(Records provided Opens)

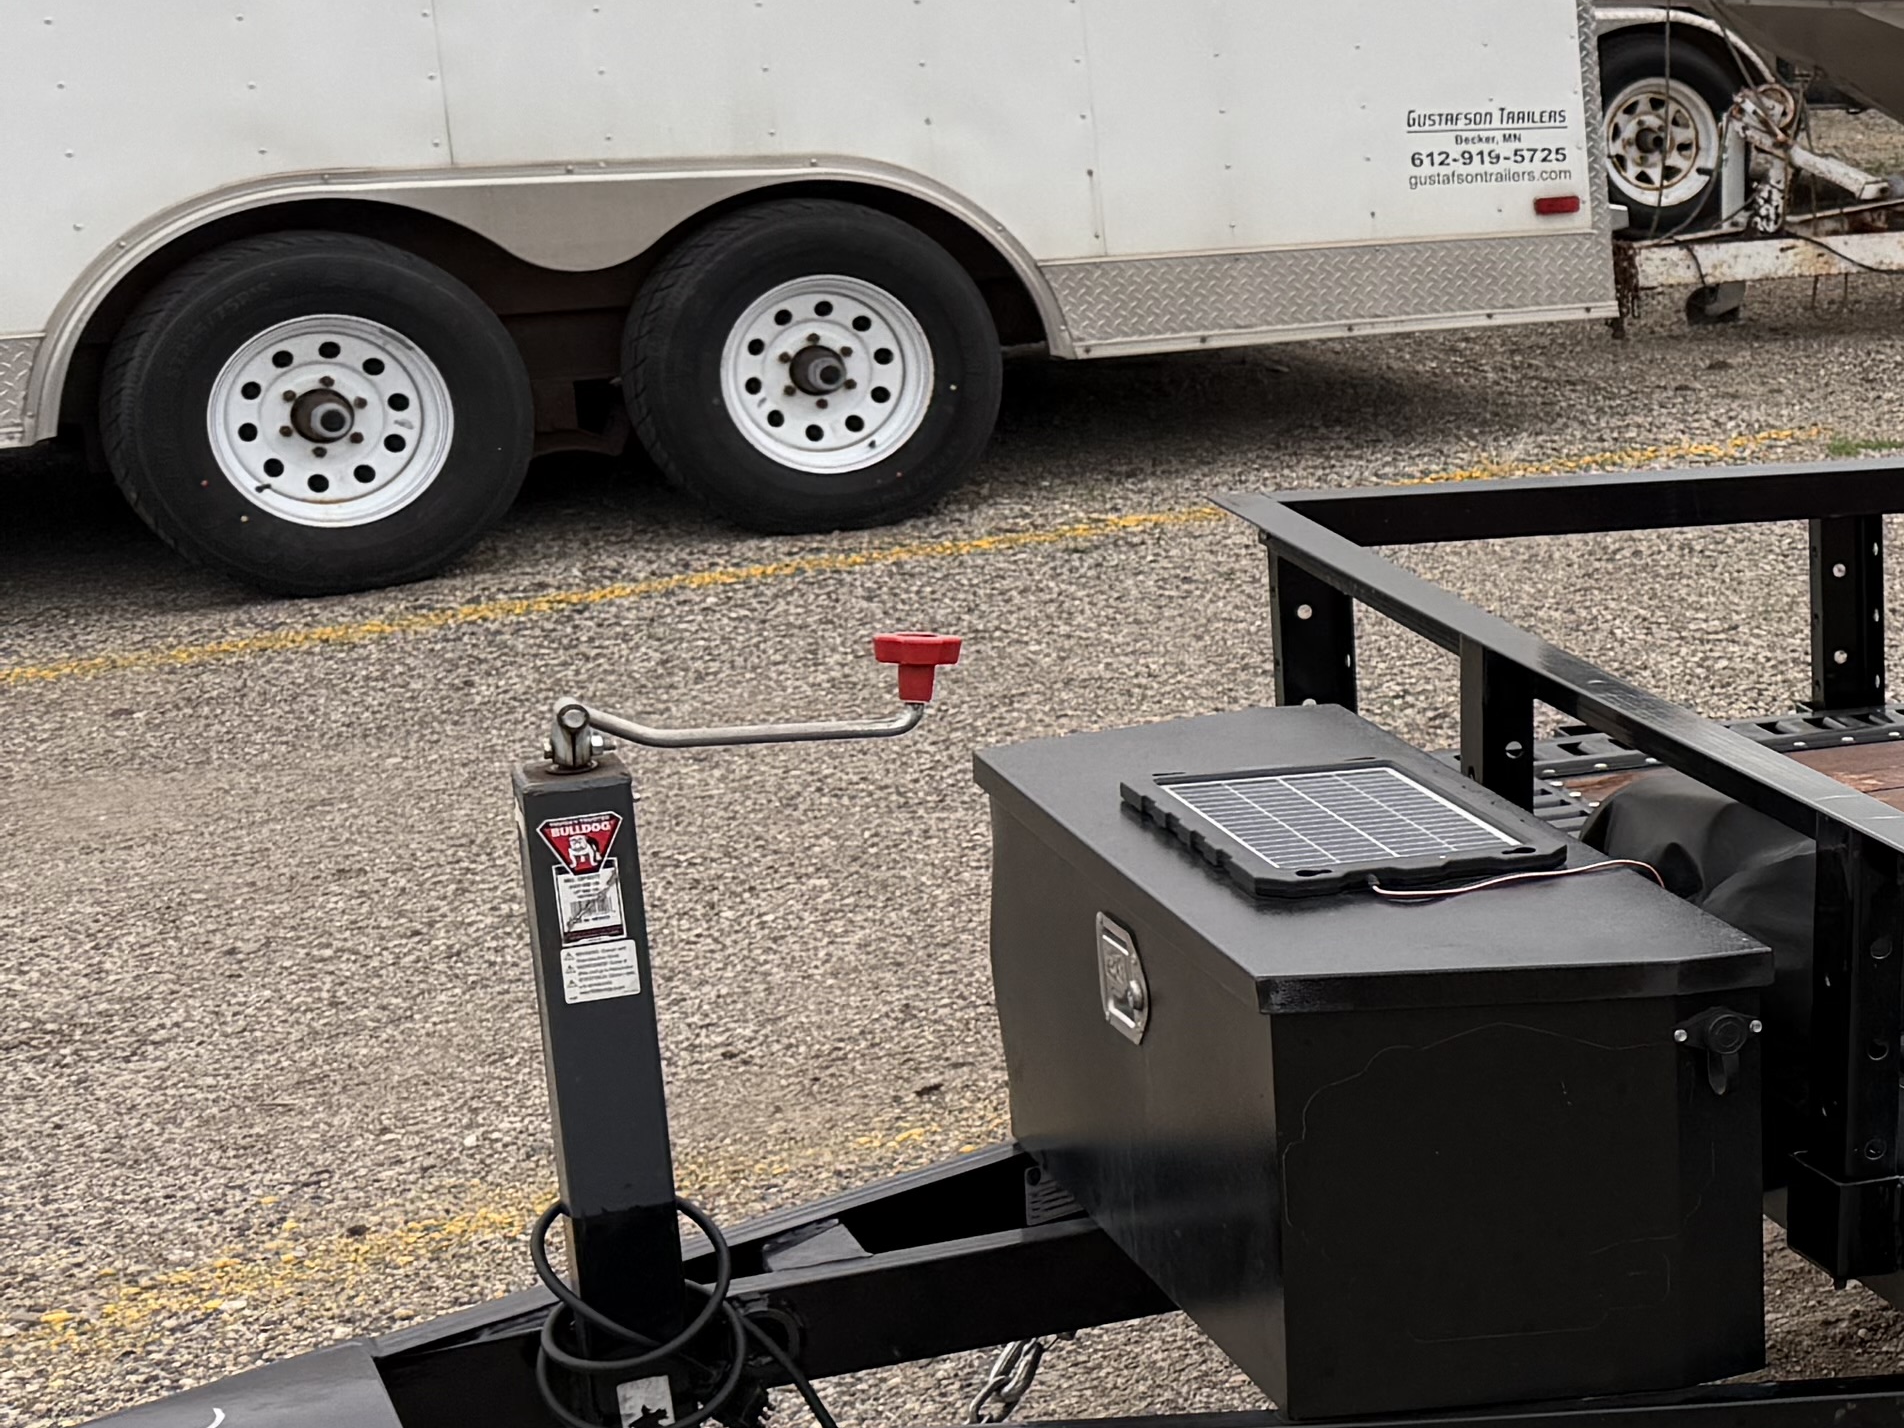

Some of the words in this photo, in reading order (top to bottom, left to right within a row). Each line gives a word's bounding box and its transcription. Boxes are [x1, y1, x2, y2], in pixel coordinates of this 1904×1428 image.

[1455, 134, 1499, 146] Becker,
[1503, 133, 1521, 144] MN
[1411, 147, 1567, 168] 612-919-5725
[1408, 168, 1571, 189] gustafsontrailers.com
[551, 821, 611, 838] BULLDOG

(Records provided Closes)

What to work on => Print the records above verbatim, pictures excluded.

Solution to this problem =>
Some of the words in this photo, in reading order (top to bottom, left to right within a row). Each line gives a word's bounding box and its transcription. Boxes are [x1, y1, x2, y2], in pixel coordinates of this 1904×1428 image.

[1455, 134, 1499, 146] Becker,
[1503, 133, 1521, 144] MN
[1411, 147, 1567, 168] 612-919-5725
[1408, 168, 1571, 189] gustafsontrailers.com
[551, 821, 611, 838] BULLDOG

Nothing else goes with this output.